After generation of all possible networks, a test for cycles (see cycletest) is performed and only networks with directed acyclic graphs are returned.

Value

The function networkfamily returns a list with two components,

nw

an object of class networkfamily.

trylist

an updated list used internally for reusing learning of nodes, see maketrylist.

Note

Generating all possible networks can be very time consuming!

Author(s)

Susanne Gammelgaard Bottcher,
Claus Dethlefsen [email protected].

See Also

network, genlatex, heuristic, nwfsort, unique.networkfamily, elementin, addarrows, cycletest

Examples

data(rats)
allrats <- getnetwork(networkfamily(rats))
plot(allrats)
print(allrats)

Representation of nodes

Description

An important part of a network is the list of nodes. The nodes summarize the local properties of a node, given the parents of the node.

Usage

node (idx,parents,type="discrete",name=paste(idx),
                 levels=2,levelnames=paste(1:levels),position=c(0,0)) 
## S3 method for class 'node'
 print(x,filename=NA,condposterior=TRUE,condprior=TRUE,...) 
## S3 method for class 'node'
 plot(x,cexscale=10,notext=FALSE,...)
nodes(nw)
nodes(nw) <- value

Arguments

x

an object of class node.

parents

a numeric vector with indices of the parents of the node.

idx

an integer, which gives the index of the node (the column number of the corresponding data frame).

type

a string, which gives the type of the node. Either "discrete" (for factors) or "continuous" (for numeric).

name

a string, which gives the name used when plotting and printing. Defaults to the column name in the data frame.

levels

an integer. If type is "discrete", this is the number of levels for the discrete variable.

levelnames

if type is "discrete", this is a vector of strings (same length as levels) with the names of the levels. If type is "continuous", the argument is ignored.

position

a numeric vector with coordinates where the node should appear in the plot. Usually set by network and drawnetwork.

nw

an object of class network.

value

a list of elements of class node.

filename

a string or NA. If not NA, output is printed to a file.

condprior

a logical. If TRUE, the conditional prior is printed, see conditional.

condposterior

a logical. If TRUE, the conditional posterior is printed, see learn.

cexscale

a numeric. Scale parameter to set the size of the nodes.

notext

a logical. If TRUE, no text is displayed in the nodes on the plot.

...

additional plot arguments.

Details

The operations on a node are typically done when operating on a network, so these functions are not to be called directly.

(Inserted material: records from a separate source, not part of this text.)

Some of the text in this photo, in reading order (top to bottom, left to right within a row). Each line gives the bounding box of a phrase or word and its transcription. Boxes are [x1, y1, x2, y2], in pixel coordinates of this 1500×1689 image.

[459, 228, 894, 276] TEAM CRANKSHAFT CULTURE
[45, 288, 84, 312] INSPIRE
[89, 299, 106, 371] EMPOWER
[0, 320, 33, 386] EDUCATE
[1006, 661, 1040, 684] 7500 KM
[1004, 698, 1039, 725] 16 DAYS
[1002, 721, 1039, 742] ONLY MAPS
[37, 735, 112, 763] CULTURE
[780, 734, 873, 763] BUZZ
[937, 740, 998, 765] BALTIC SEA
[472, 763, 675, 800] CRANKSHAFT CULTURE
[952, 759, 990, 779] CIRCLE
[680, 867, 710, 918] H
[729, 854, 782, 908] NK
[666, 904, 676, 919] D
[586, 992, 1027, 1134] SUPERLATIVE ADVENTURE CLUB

When a network is created with network, the nodes in the nodelist are created using the node procedure.

Local probability distributions are added as the property prob to each node using prob.node. If the node is continuous, this is a numeric vector with the conditional variance and the conditional regression coefficients arising from a regression on the continuous parents, using data. If the node has discrete parents, prob is a matrix with a row for each configuration of the discrete parents. If the node is discrete, prob is a multiway array which gives the conditional probability distribution for each configuration of the discrete parents. The generated prob can be replaced to match the prior information available.

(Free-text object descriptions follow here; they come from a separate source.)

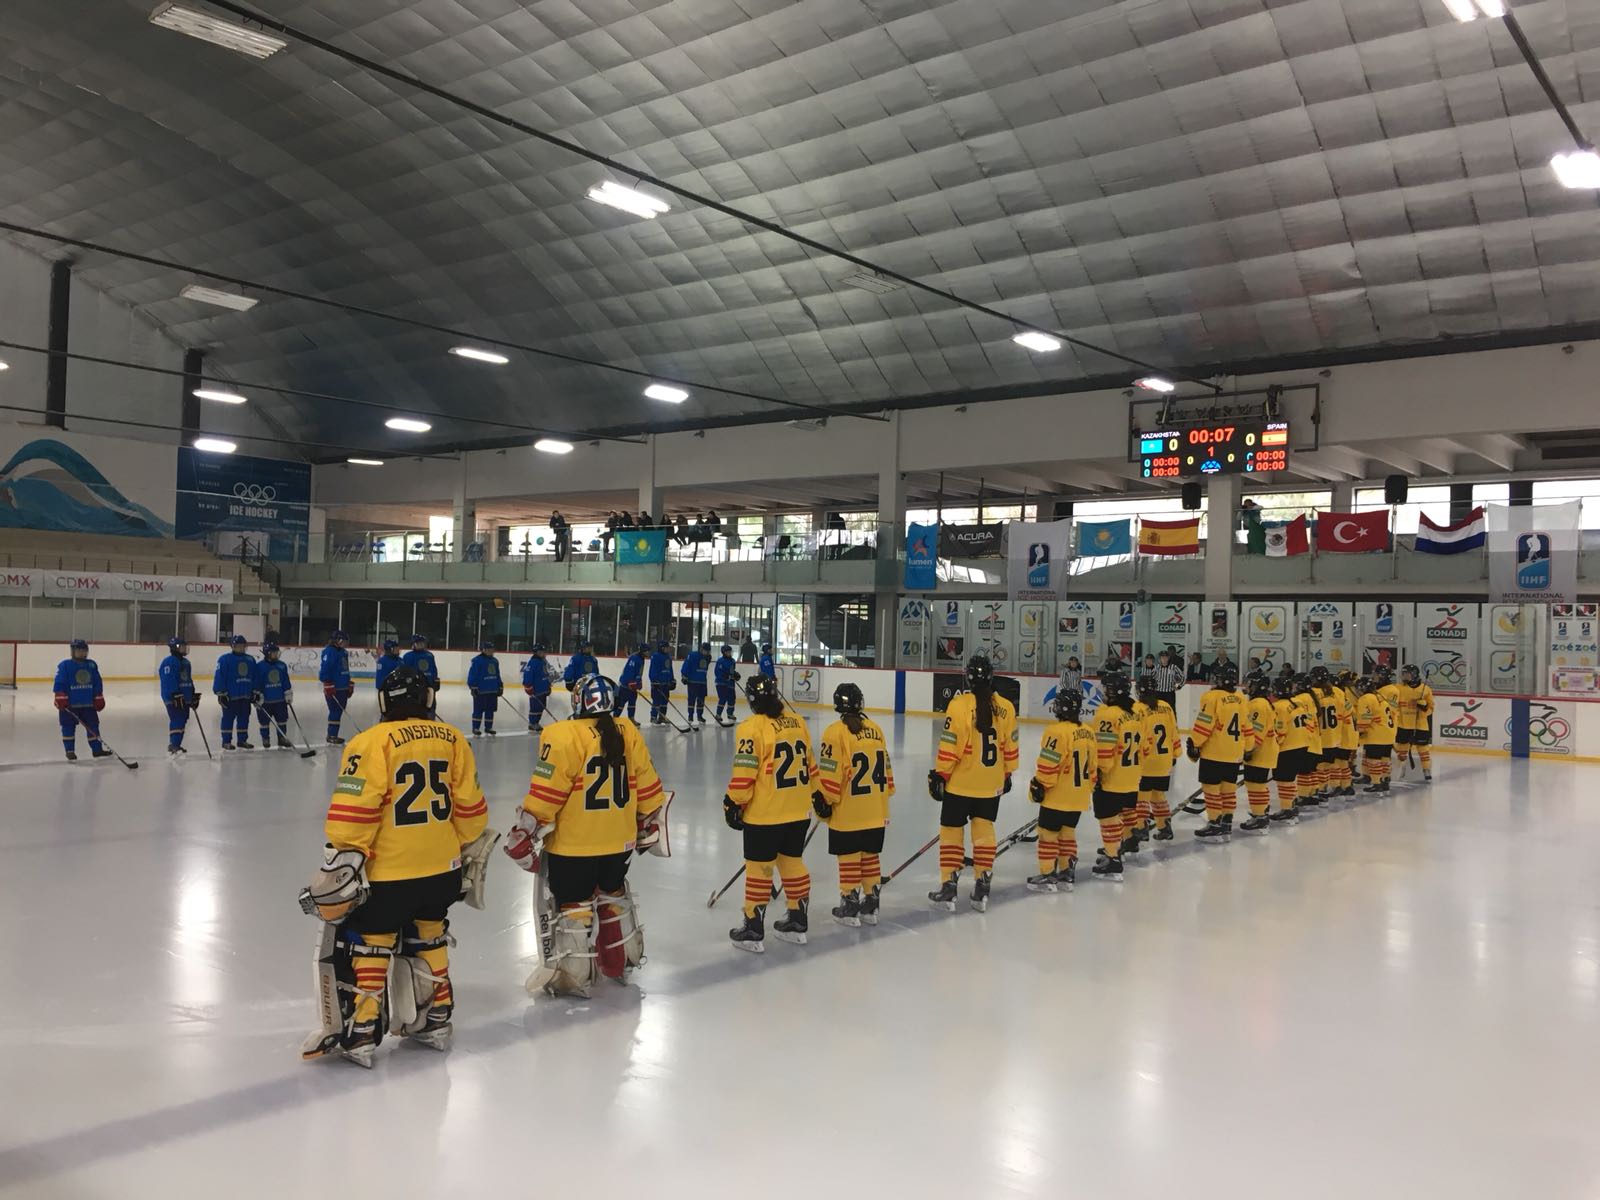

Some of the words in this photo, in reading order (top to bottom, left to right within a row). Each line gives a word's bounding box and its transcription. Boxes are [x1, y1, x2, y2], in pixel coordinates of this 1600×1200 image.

[1189, 428, 1235, 444] 00:07
[1245, 433, 1255, 446] 0
[1169, 438, 1178, 451] 0
[1207, 446, 1214, 457] 1
[1227, 453, 1235, 462] 0
[1256, 450, 1285, 461] 00:00
[1144, 458, 1151, 468] 0
[1153, 456, 1180, 467] 00:00
[1187, 455, 1194, 465] 0
[1256, 461, 1285, 471] 00:00
[1144, 468, 1151, 478] 0
[1152, 466, 1180, 477] 00:00
[229, 504, 244, 516] ICE
[245, 506, 278, 519] HOCKEY
[957, 531, 994, 541] ACURA
[908, 557, 933, 566] lumen
[0, 574, 31, 586] DMX
[56, 576, 100, 589] CDMX
[123, 579, 164, 592] CDMX
[1521, 575, 1547, 584] IIHF
[185, 582, 224, 594] CDMX
[1160, 623, 1190, 632] CONAD
[1428, 629, 1466, 638] CONADE
[1057, 642, 1079, 653] zoé
[1552, 642, 1573, 651] zoé
[1575, 643, 1596, 652] zoé
[944, 716, 952, 730] 6
[1322, 705, 1339, 730] 16
[1099, 720, 1113, 733] 22
[1226, 712, 1241, 742] 4
[1441, 727, 1487, 738] CONADE
[1046, 736, 1058, 750] 14
[1153, 724, 1169, 755] 2
[738, 738, 754, 755] 23
[820, 742, 833, 759] 24
[981, 727, 998, 768] 6
[773, 740, 810, 790] 23
[850, 750, 888, 797] 24
[584, 753, 631, 811] 20
[394, 759, 453, 827] 25

nodes gives the list of nodes of a network. localprob gives the probability distribution for each node in the network.

Value

The node creator function returns an object of class node, which is a list with the following elements (properties),

idx

an integer. A unique index for this node. It MUST correspond to the column index of the variable in the data frame.

name

a string. The printed name of the node.

type

a string. Either "continuous" or "discrete".

levels

an integer. If the node is of type "discrete", this integer is the number of levels of the node.

levelnames

if type is "discrete", this is a vector of strings (same length as levels) with the names of the levels. If type is "continuous", the node does not have this property.

parents

a vector of indices of the parents to this node. It is best to manage this vector using the insert function.

prob

a numeric vector, matrix or multiway array, giving the initial probability distribution. If the node is discrete, prob is a multiway array. If the node is continuous, prob is a matrix with one row for each configuration of the discrete parents, reducing to a vector if the node has no discrete parents.

condprior

a list, generated by conditional giving the parameter priors deduced from jointprior using the master prior procedure (see localmaster).

condposterior

a list, which gives the parameter posteriors obtained from learnnode.

loglik

a numeric giving the log likelihood contribution for this node, calculated in learnnode.

simprob

a numeric vector, matrix or multiway array similar to prob, added by makesimprob and used by rnetwork.

Author(s)

Susanne Gammelgaard Bottcher,
Claus Dethlefsen [email protected].


The number of possible networks

Description

Calculates the number of different directed acyclic graphs for a set of discrete and continuous nodes.

Usage

numbermixed(nd,nc)

Arguments

nd

an integer, which gives the number of discrete nodes.

nc

an integer, which gives the number of continuous nodes.

Details

No arrows are allowed from continuous nodes to discrete nodes. Cycles are not allowed. The number of networks is given by Bottcher (2003), using the result in Robinson (1977).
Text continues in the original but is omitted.